[Exercise objective]: Exactly as written, return every line of the data below apart from the pictures.

*** Data supplied ***

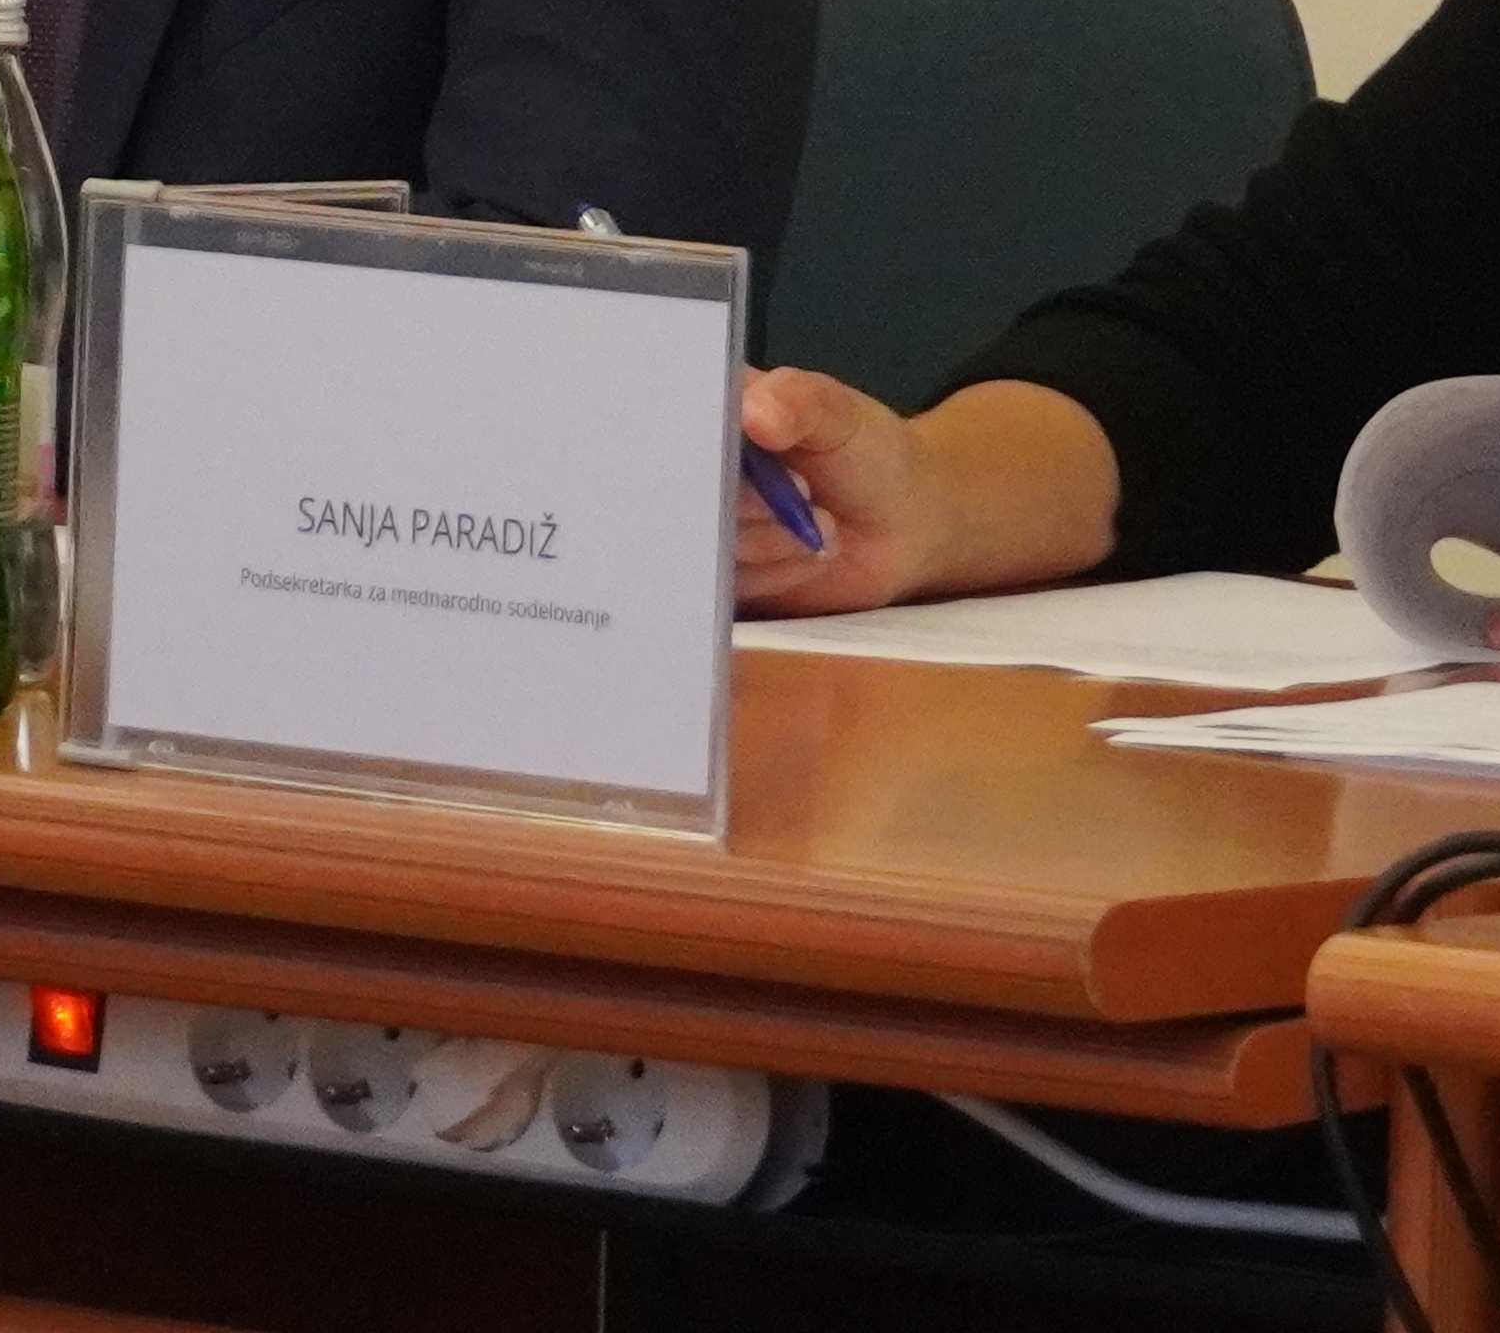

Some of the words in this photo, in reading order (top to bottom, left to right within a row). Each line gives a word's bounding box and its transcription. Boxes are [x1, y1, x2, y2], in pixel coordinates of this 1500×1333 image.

[297, 496, 400, 548] SANJA
[412, 507, 559, 560] PARADIŽ
[240, 567, 363, 600] Podsekretarka
[368, 584, 386, 603] za
[391, 585, 502, 616] mednarodno
[507, 599, 612, 632] sodelovanje

*** End of Data supplied ***

[Answer box]:
Some of the words in this photo, in reading order (top to bottom, left to right within a row). Each line gives a word's bounding box and its transcription. Boxes are [x1, y1, x2, y2], in pixel coordinates of this 1500×1333 image.

[297, 496, 400, 548] SANJA
[412, 507, 559, 560] PARADIŽ
[240, 567, 363, 600] Podsekretarka
[368, 584, 386, 603] za
[391, 585, 502, 616] mednarodno
[507, 599, 612, 632] sodelovanje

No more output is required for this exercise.